Neta tergelak. "oh iya ya? Tante nggak kepikiran." Setelahnya mereka berdua tertawa dan membicarakan Juan yang lebih didominasi ibunya sendiri.

Obrolan mereka terhenti saat pintu terbuka memunculkan Juan dengan pakaian lusuh dan muka yang kusut. "hey," sapa Ara sambil tersenyum lebar.

Juan tersenyum tipis. "hai," balas Juan seadanya.

Mata Ara menyipit. Seperti ada yang berbeda dengan Juan. Baru saja ingin bertanya, Juan sudah masuk ke kamarnya tanpa berbicara lagi.

"kenapa, tuh, anak?"

"nggak tau, Tante. Mungkin capek." Tapi pikiran Ara masih mengganjal.

Jelang makan malam, Juan baru keluar dari kamarnya. Wajahnya terlihat lebih segar dari tadi siang.

"kamu nggak pulang?" tiba-tiba saja Juan bertanya seperti itu pada Ara yang sedang melahap makanannya.

Ara sedikit tersentak. Walaupun suara Juan tetap tenang, tapi Ara menangkap nada sedih, frustasi, dan bersalah dalam suaranya. "nanti abis makan, tanggung." Ara tersenyum kikuk.
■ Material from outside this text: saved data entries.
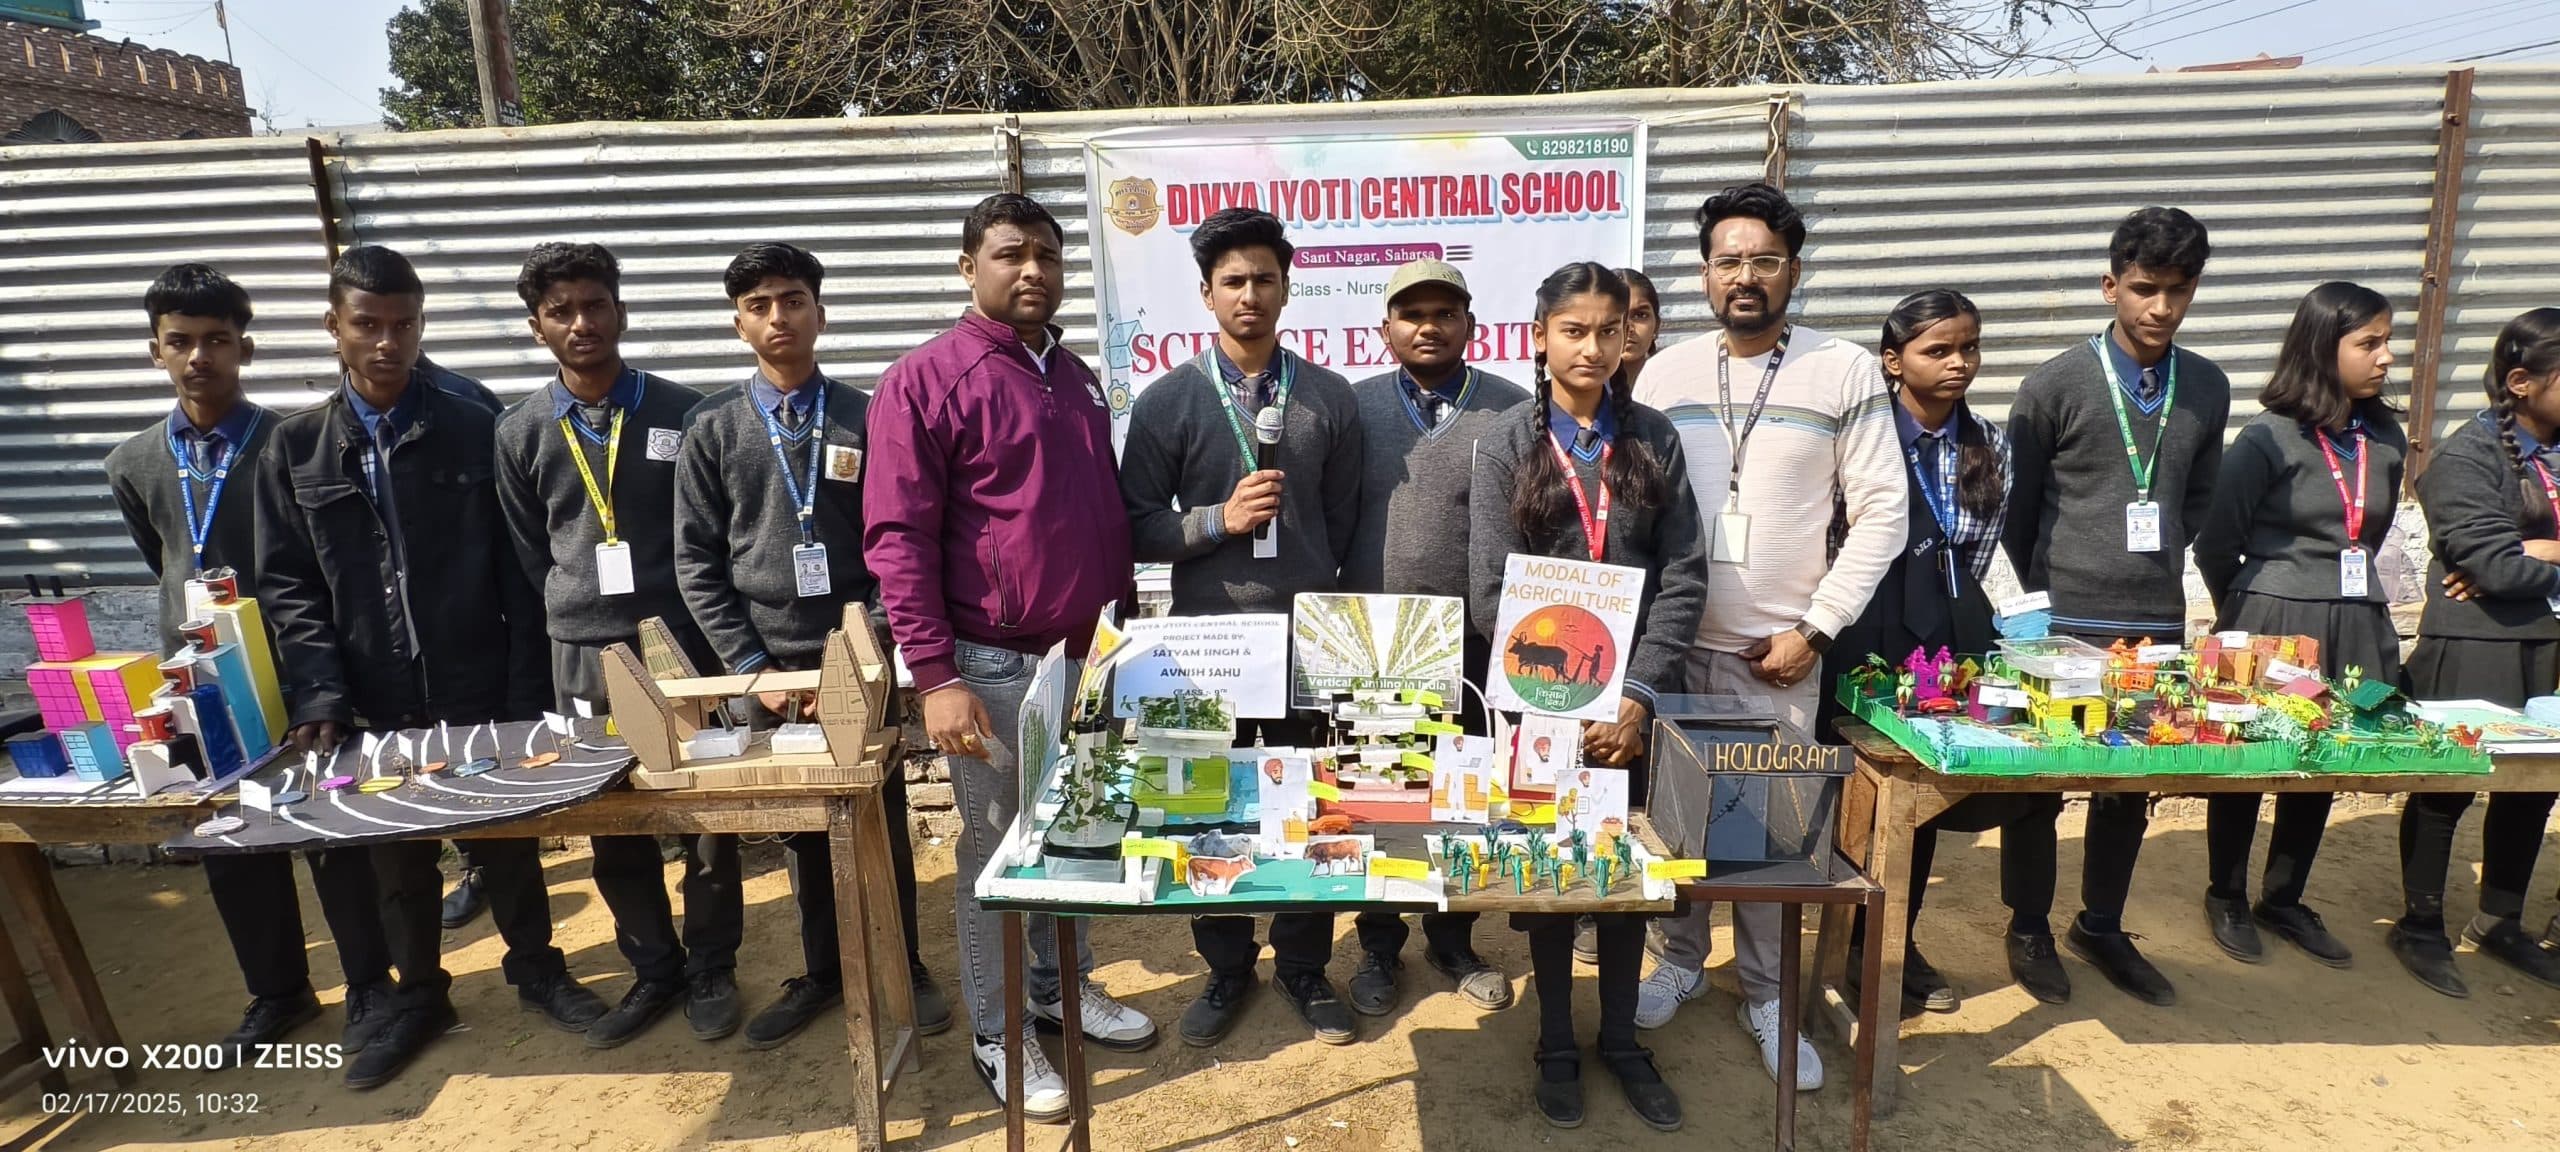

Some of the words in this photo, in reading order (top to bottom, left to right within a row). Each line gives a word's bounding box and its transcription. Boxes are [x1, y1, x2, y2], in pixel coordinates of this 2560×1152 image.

[1542, 138, 1628, 156] 8298218190
[1360, 174, 1494, 220] CENTRAL
[1502, 170, 1621, 216] SCHOOL
[1301, 251, 1331, 264] Sant
[1335, 250, 1380, 265] Nagar,
[1385, 248, 1435, 262] Saharsa
[1290, 282, 1331, 297] Class
[1524, 561, 1591, 585] MODAL
[1598, 571, 1623, 588] OF
[1505, 583, 1633, 614] AGRICULTURE
[1152, 649, 1200, 658] SATYAM
[1204, 648, 1240, 657] SINGH
[1243, 648, 1251, 656] &
[1160, 667, 1205, 678] AVNISH
[1208, 667, 1241, 678] SAHU
[1308, 676, 1350, 688] Vertical
[1716, 743, 1838, 771] HOLOGRAM
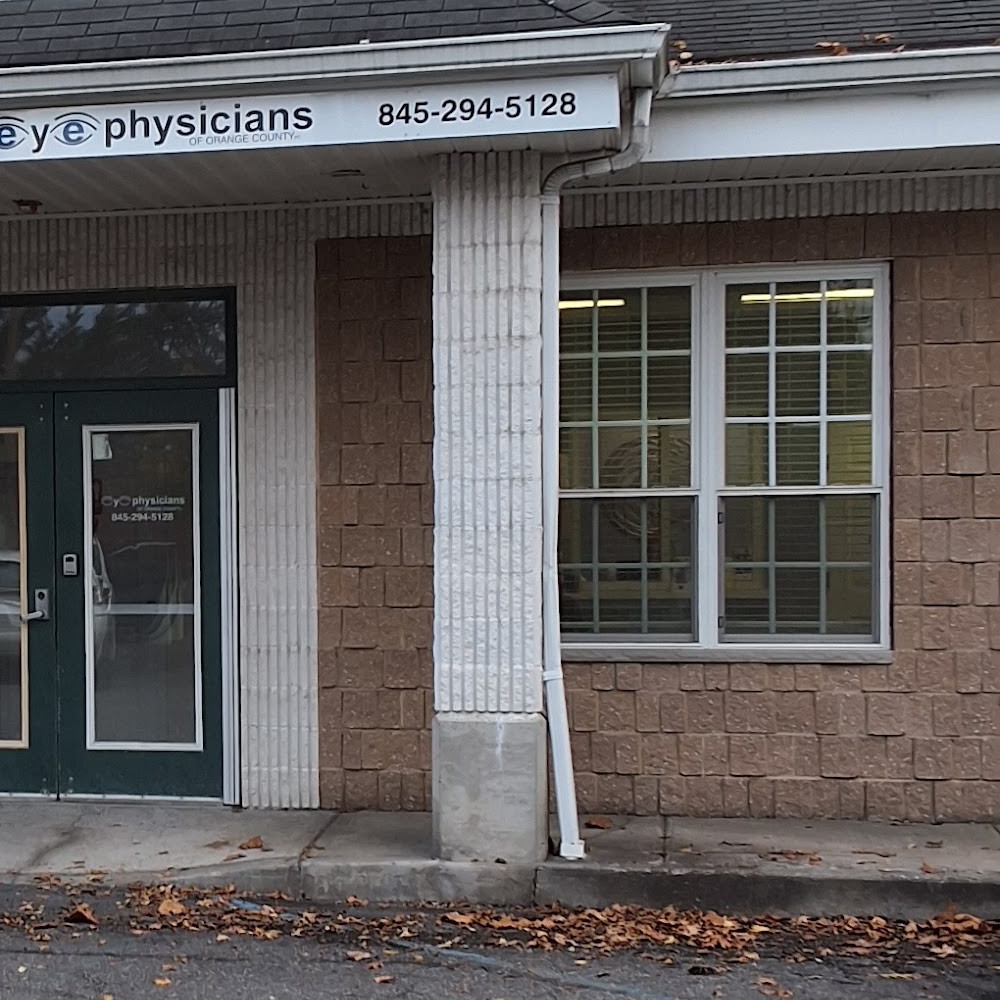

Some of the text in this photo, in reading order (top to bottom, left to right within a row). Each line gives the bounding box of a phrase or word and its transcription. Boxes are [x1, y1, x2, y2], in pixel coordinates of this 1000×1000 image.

[378, 92, 576, 126] 845-294-5128
[105, 103, 313, 147] physicians
[189, 136, 203, 146] OF
[205, 134, 249, 144] ORANGE
[251, 131, 295, 143] COUNTY
[132, 495, 185, 507] physicians
[111, 513, 174, 522] 845-294-5128
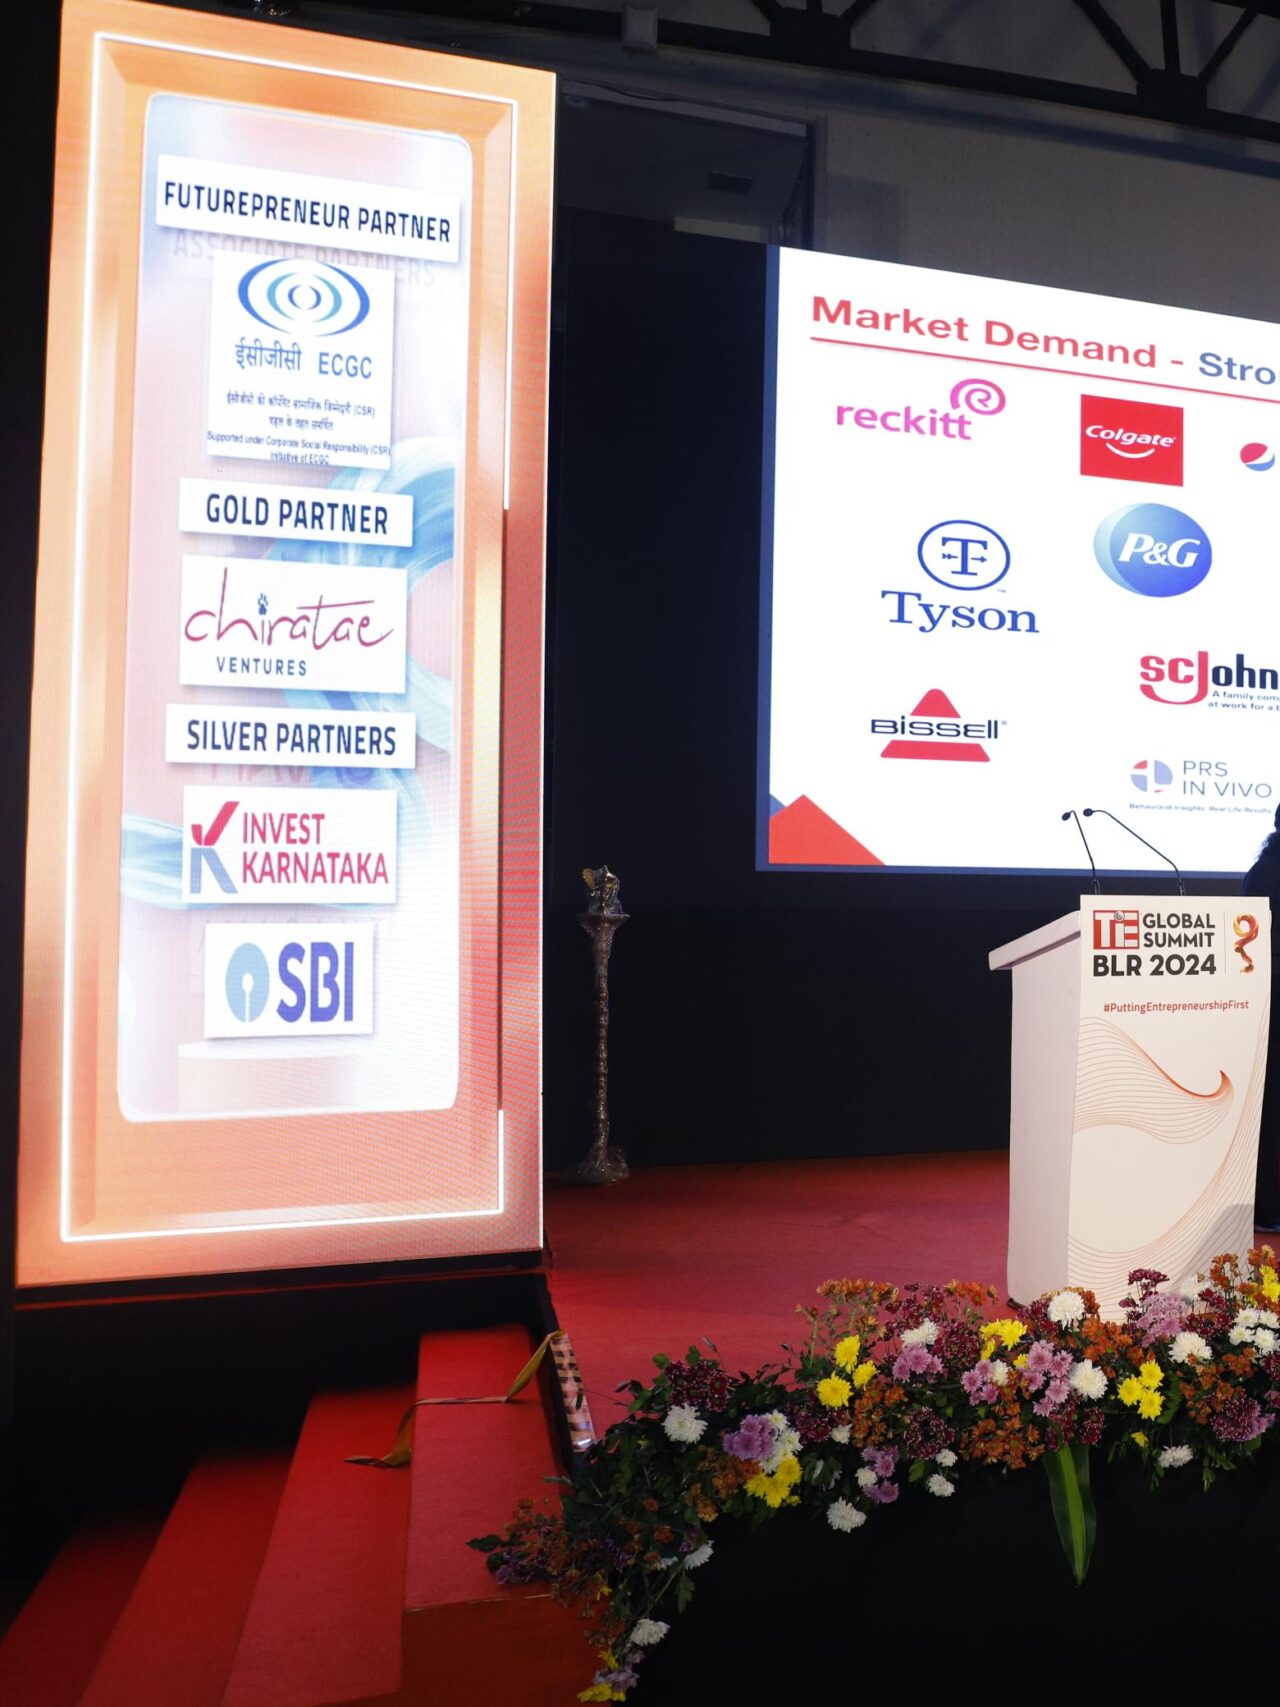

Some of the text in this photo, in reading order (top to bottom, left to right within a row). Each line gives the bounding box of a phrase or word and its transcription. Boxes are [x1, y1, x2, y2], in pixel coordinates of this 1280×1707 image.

[164, 180, 451, 243] FUTUREPRENEUR PARTNER
[813, 296, 969, 342] Market
[985, 320, 1156, 368] Demand
[234, 336, 302, 371] ईसीजीसी
[318, 351, 373, 379] ECGC
[837, 405, 972, 441] reckitt
[1085, 424, 1175, 448] Colgate
[207, 430, 243, 444] Supported
[244, 436, 264, 445] under
[266, 436, 299, 449] Corporate
[301, 438, 321, 449] Social
[323, 440, 369, 456] Responsibility
[206, 493, 388, 535] GOLD PARTNER
[1118, 532, 1201, 568] P&G
[185, 567, 394, 650] chiratae
[881, 590, 1040, 633] Tyson
[216, 656, 307, 676] VENTURES
[1208, 701, 1219, 709] at
[1221, 702, 1247, 710] work
[1250, 702, 1265, 711] for
[1212, 690, 1220, 698] A
[1223, 691, 1254, 701] family
[187, 719, 397, 756] SILVER PARTNERS
[1183, 760, 1228, 777] PRS
[1183, 780, 1272, 799] IN VIVO
[242, 812, 325, 845] INVEST
[242, 851, 389, 884] KARNATAKA
[1142, 912, 1216, 929] GLOBAL
[1143, 932, 1215, 948] SUMMIT
[1093, 953, 1217, 977] BLR 2024
[276, 941, 354, 1023] SBI
[1103, 1000, 1249, 1015] #PuttingEntrepreneurshipFirst
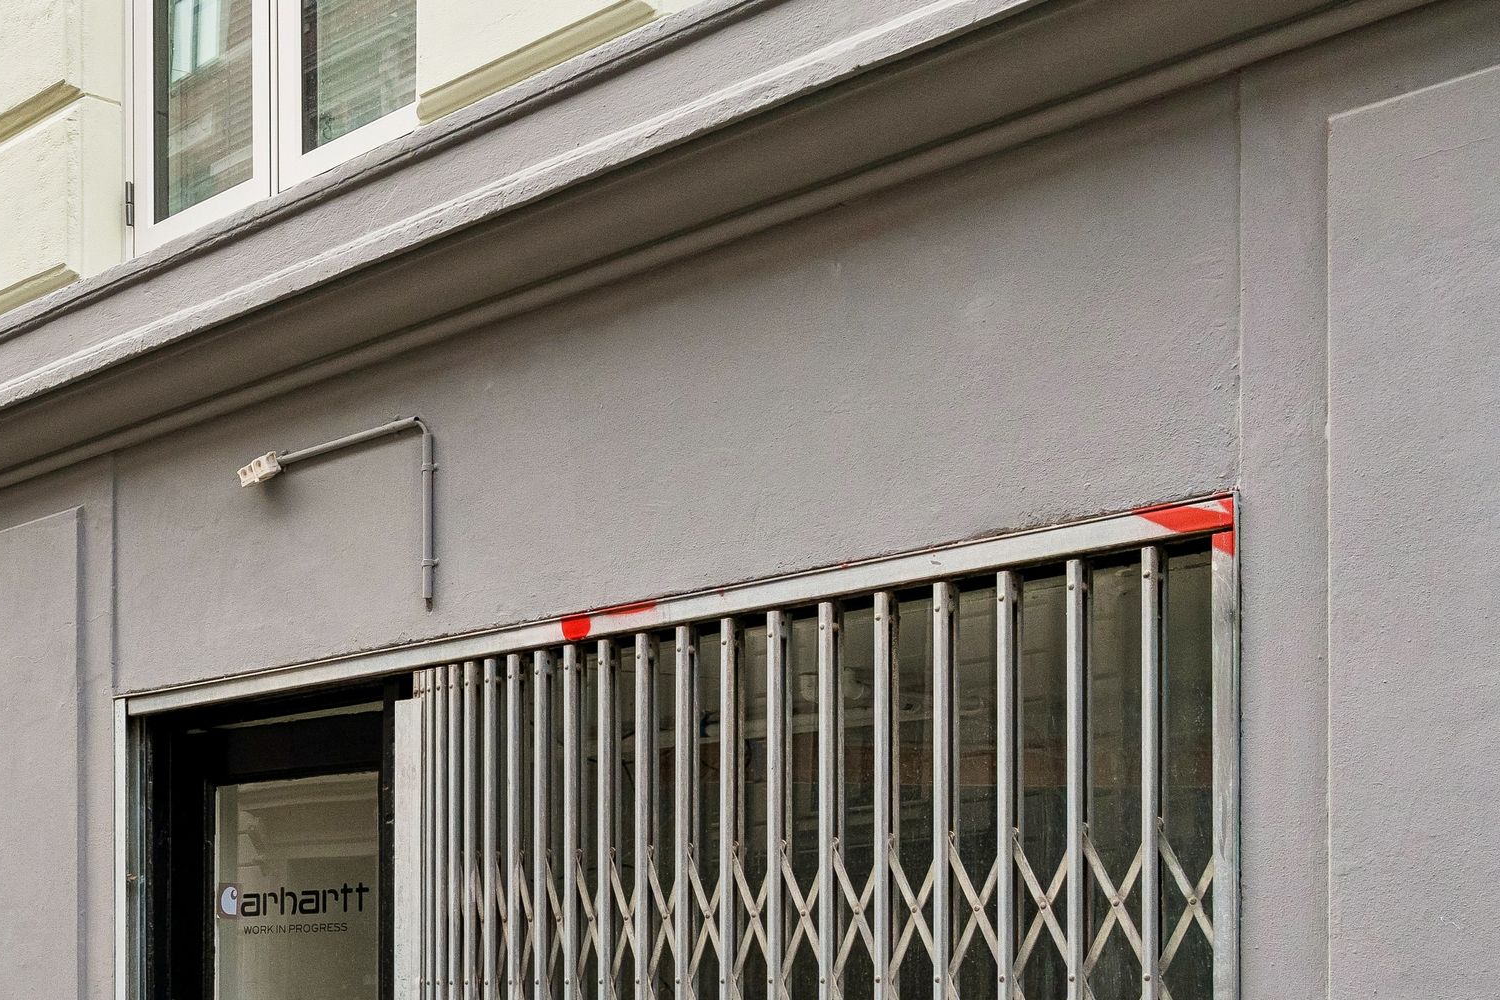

"bukan, maksudnya kamu daritadi siang disini tapi jam segini belum pulang juga? 'kan kasian kamunya."

"memangnya kenapa? Kan, aku udah biasa pulang malem kalo abis dari rumah kamu?"

"tapi sekarang aku nggak bisa nganterin kamu pulang. Tugasku masih banyak dan aku lagi nggak enak badan."

"oh, gitu ... yaudah nanti aku pulang naik angkot aja." Ara menunduk lesu.

"kok, naik angkot? Kan, masih ada tante disini? Biar tante yang nganter kamu," jawab Neta langsung. Menatap heran pada pacar anak semata wayangnya.

Ara menutup mulutnya kembali saat ingin berbicara tapi langsung dipotong Juan. "nggak usah, Ma. Biar Ara pulang sendiri aja. Belum terlalu malem juga," ucapnya tenang. Kepalanya sedikit menunduk menghindari tatapan Ara yang seakan menusuknya.

"kok, kamu gitu sih ngomongnya Juan? Kamu kenapa? Kok kamu jadi kasar sama Ara?" Neta terlihat marah terhadap Juan yang bebeda hari ini.

"aku nggak kasar sa—"

"udah nggak apa-apa, tante. Ara bisa pulang sendiri. Bener kata Juan belum terlalu malem. Jadi habis makan malem Ara langsung pulang aja," potong Ara.

"tapi—" Ara mengangguk meyakinkan Neta bahwa ia baik-baik saja.

Selesai makan malam, Ara menepati ucapannya. Sedangkan Juan, cowok itu langsung masuk ke kamarnya tanpa mengucapkan apapun pada Ara.

Mungkin Juan memang lagi banyak tugas, pikir Ara positif. Tapi nggak bisa dipungkiri dirinya merasa takut sesuatu sedang terjadi.